Livre de Daniel. Les six premiers chapitres se rapportent à la biographie du prophète; les six autres
contiennent les prophéties proprement dites, qui ont essentiellement pour objet l'histoire des principaux
peuples aux destinées desquels le peuple de Dieu fut mêlé et enchaîné. Ce devait être pour les Israélites
pieux une grande consolation de pouvoir ainsi discerner clairement, au milieu des révolutions politiques,
la main de celui qui fait concourir toutes choses au bien de ceux qui l'aiment. Le sujet du chapitre 7e est le
même que celui du songe expliqué au chapitre 2e, la succession des quatre monarchies, chaldéenne,
médo-perse, macédonienne et romaine. Le chapitre 8e annonce avec plus de détail l'histoire de la
deuxième et troisième de ces monarchies. Le 9e détermine de la manière la plus remarquable et la plus
précise l'époque des bénédictions messianiques, il renferme le passage des septante semaines. Les
chapitres 10e et 11e prédisent les destinées du peuple Juif sous la domination égyptienne et sous la
domination syrienne. Enfin, le 12e s'étend de nouveau jusqu'aux temps du Messie. Ces douze premiers
chapitres sont écrits partie en caldéen, partie en hébreu; les catholiques en ajoutent deux autres écrits en
grec, et renfermant les histoires de Susanne, de Bel et du Dragon; on les compte ordinairement à part.
— Voir: Apocryphes.
Le livre de Daniel contient des vérités tellement précises, les miracles qu'il rapporte sont si inexplicables,
qu'il devait être une pierre d'achoppement pour tous les ennemis de la révélation: aussi les voyons-nous
se liguer dans leurs attaques contre son authenticité, depuis le païen Porphyre jusqu'aux rationalistes
modernes inclusivement. Cette authenticité, cependant, repose sur des preuves assez solides et assez
nombreuses pour que sous ce rapport Daniel puisse se mesurer avec tout autre livre de l'antiquité
hébraïque. Il existait déjà en collection du temps des Maccabées, 1 Maccabées 2:59-60, et Flavius Josèphe
nous apprend, Antiquités Judaïques 11, 85, qu'il fut présenté à Alexandre-le-Grand, fait dont nous
n'avons aucune raison de douter. L'auteur montre aussi une connaissance si approfondie des mœurs et
des événements de l'époque dont il parle, qu'il serait difficile d'admettre que ce livre ait été écrit à une
époque postérieure. Enfin et surtout, nous avons en faveur de son authenticité le témoignage solennel de
notre Sauveur, qui ajoute: que celui qui lit ce prophète y fasse attention, Matthieu 24:15.

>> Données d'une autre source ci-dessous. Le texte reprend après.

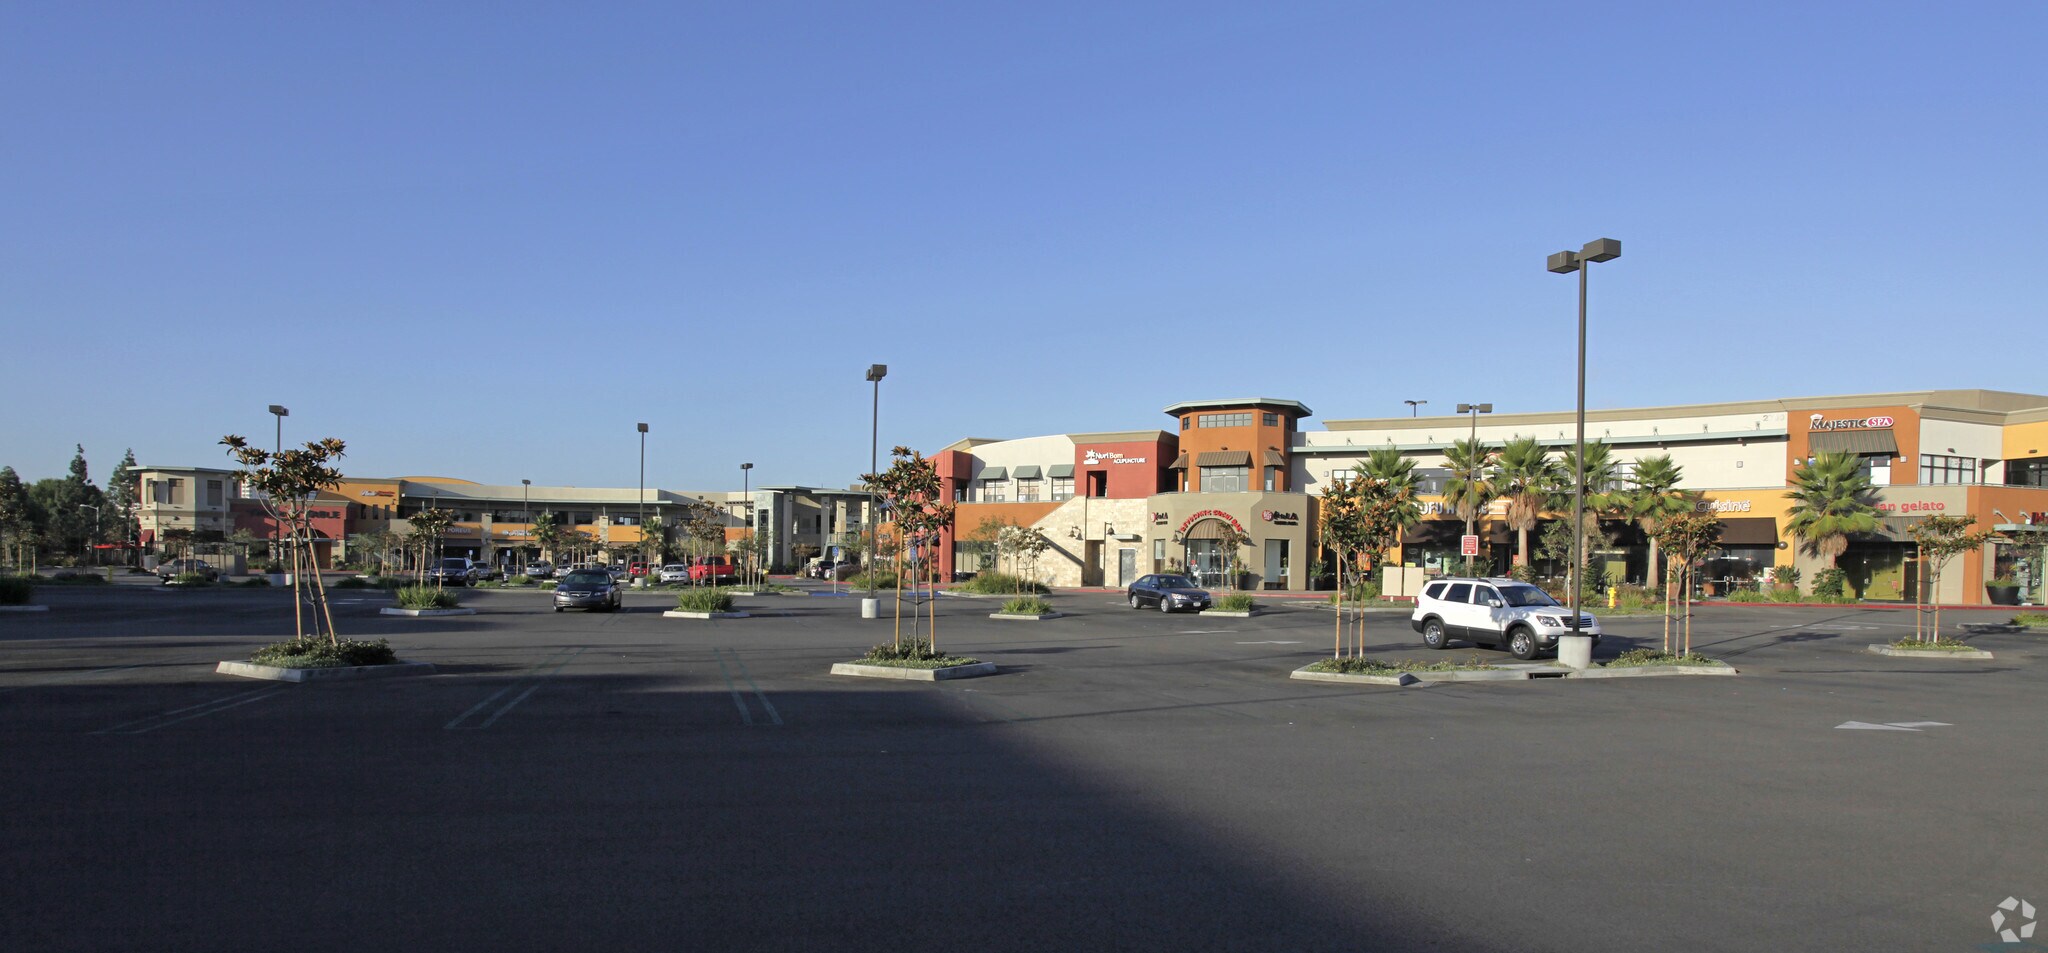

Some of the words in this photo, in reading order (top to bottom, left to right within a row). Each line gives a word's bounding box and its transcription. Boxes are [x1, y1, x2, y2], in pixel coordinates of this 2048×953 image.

Pour l'étude de ce livre difficile nous indiquerons parmi les meilleurs ouvrages à consulter, le
Commentaire de Calvin, l'Apologétique de Sack, Hengstenberg's Beitræge zur Einl. in das Alte Test., le
commentaire de Hævernick, en anglais Tregelles, et en français les Leçons sur le prophète Daniel,
données dans une école du dimanche, par M. Gaussen.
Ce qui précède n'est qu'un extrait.